TASK ITEM:
Render every line of the data exactly as written, and leave out the pictures.
*** Block opens ***
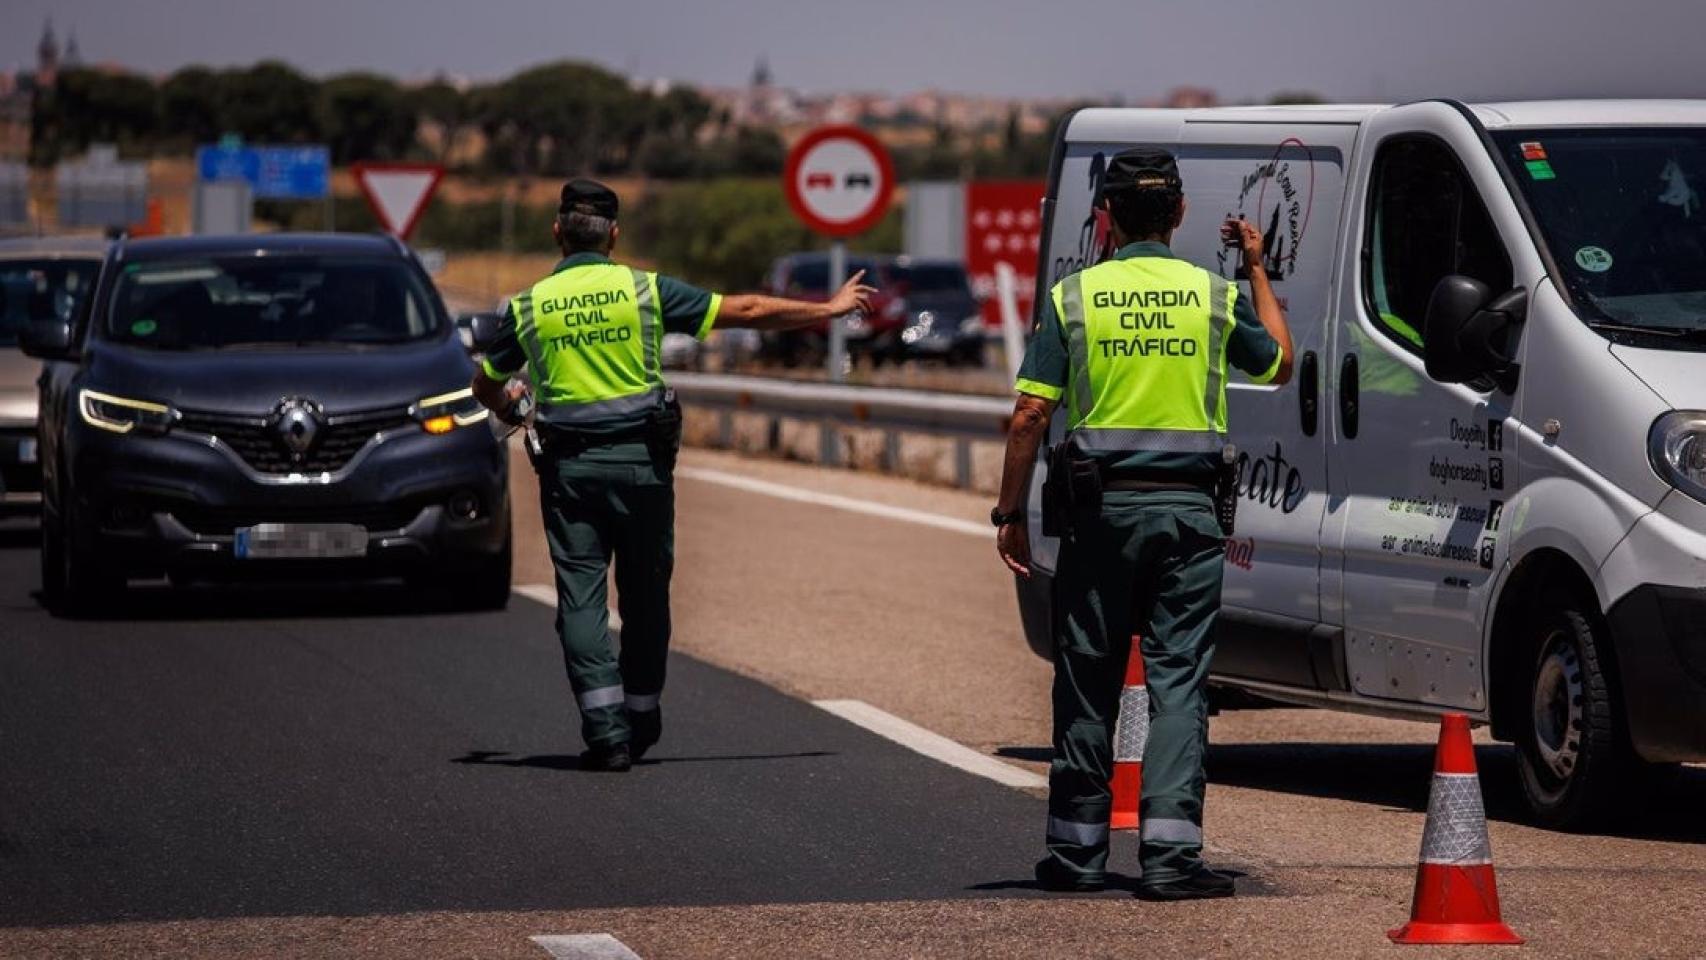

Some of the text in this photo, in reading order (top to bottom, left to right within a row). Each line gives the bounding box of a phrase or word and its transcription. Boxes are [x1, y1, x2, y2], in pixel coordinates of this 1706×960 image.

[541, 290, 629, 315] GUARDIA
[1093, 290, 1200, 308] GUARDIA
[564, 309, 610, 327] CIVIL
[1120, 312, 1175, 329] CIVIL
[550, 326, 631, 352] TRÁFICO
[1098, 334, 1196, 357] TRÁFICO
[1238, 441, 1304, 514] cate
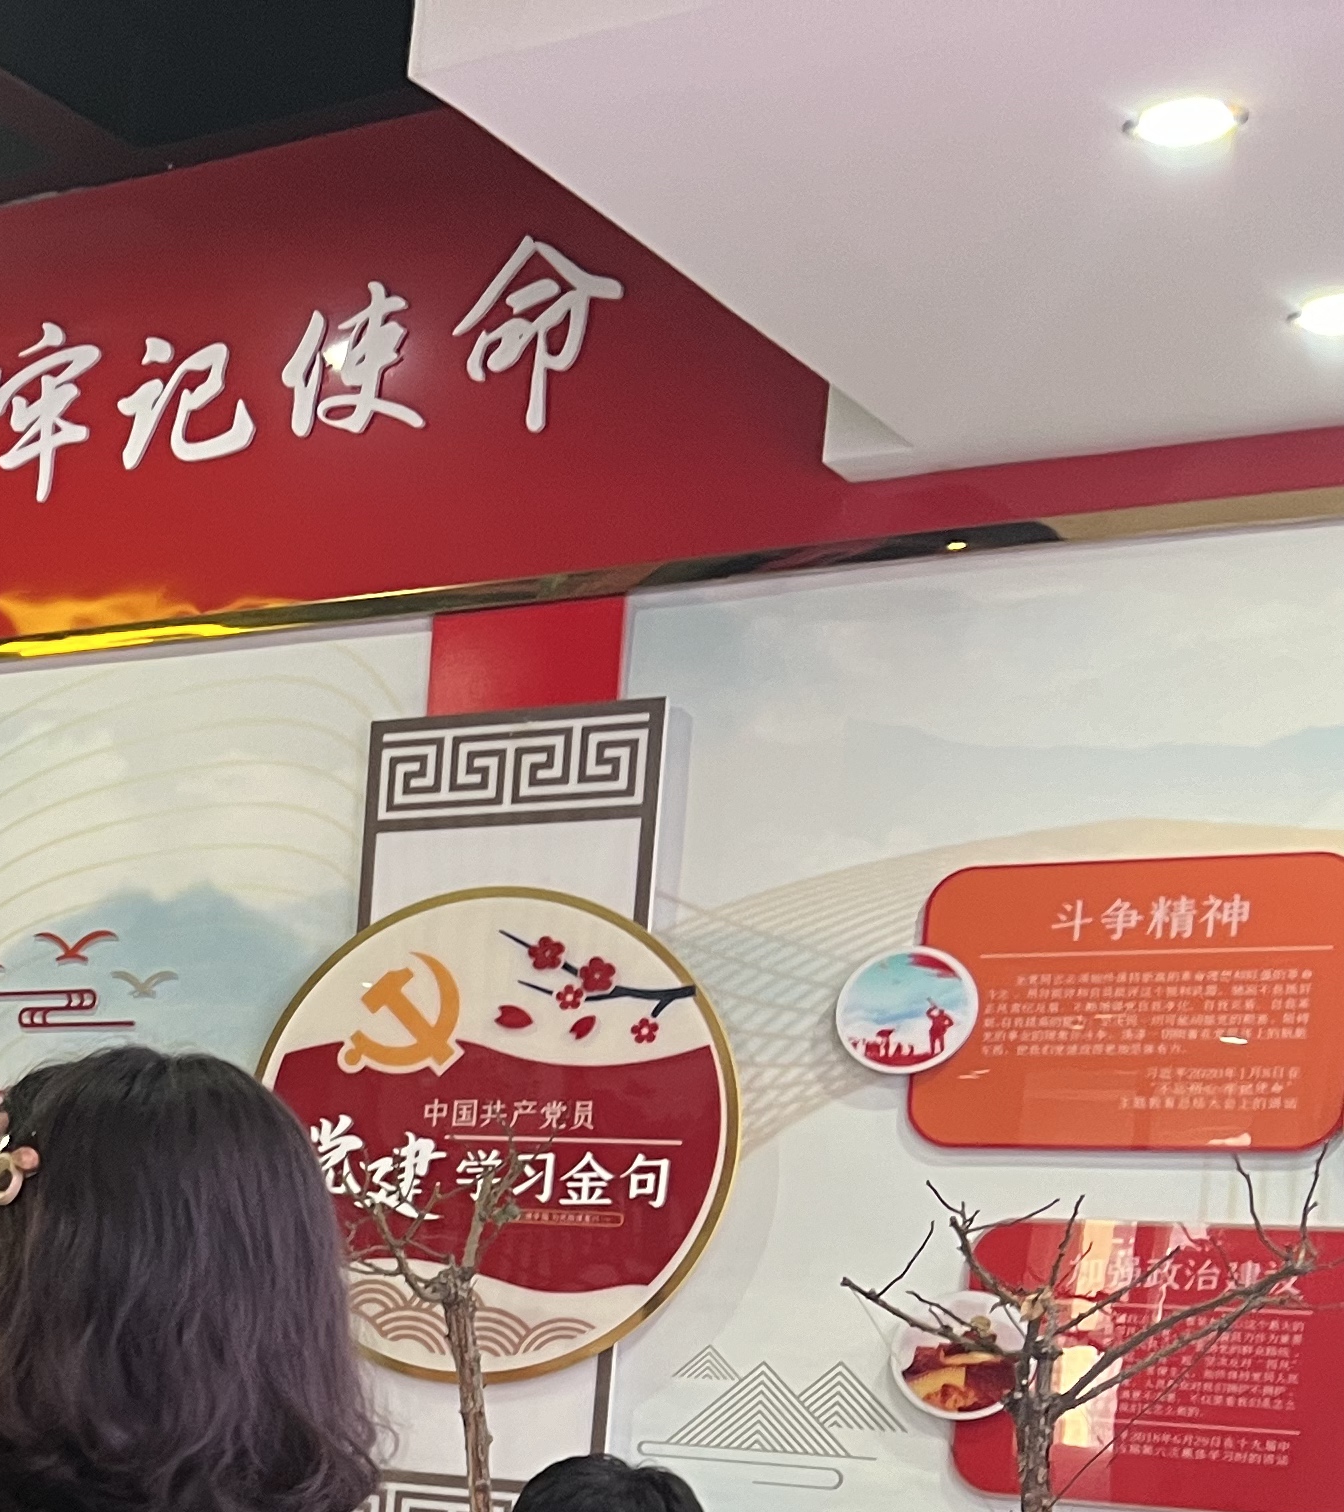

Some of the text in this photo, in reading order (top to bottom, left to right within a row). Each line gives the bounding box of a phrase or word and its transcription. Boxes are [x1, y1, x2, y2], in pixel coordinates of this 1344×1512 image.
*** Block closes ***
SOLUTION:
Some of the text in this photo, in reading order (top to bottom, left to right within a row). Each line gives the bounding box of a phrase or word and its transcription. Boxes are [x1, y1, x2, y2], in pixel coordinates of this 1706×960 image.

[541, 290, 629, 315] GUARDIA
[1093, 290, 1200, 308] GUARDIA
[564, 309, 610, 327] CIVIL
[1120, 312, 1175, 329] CIVIL
[550, 326, 631, 352] TRÁFICO
[1098, 334, 1196, 357] TRÁFICO
[1238, 441, 1304, 514] cate

Some of the text in this photo, in reading order (top to bottom, left to right within a row). Each line gives the bounding box of a phrase or word and its transcription. Boxes are [x1, y1, x2, y2], in pixel coordinates of this 1344×1512 image.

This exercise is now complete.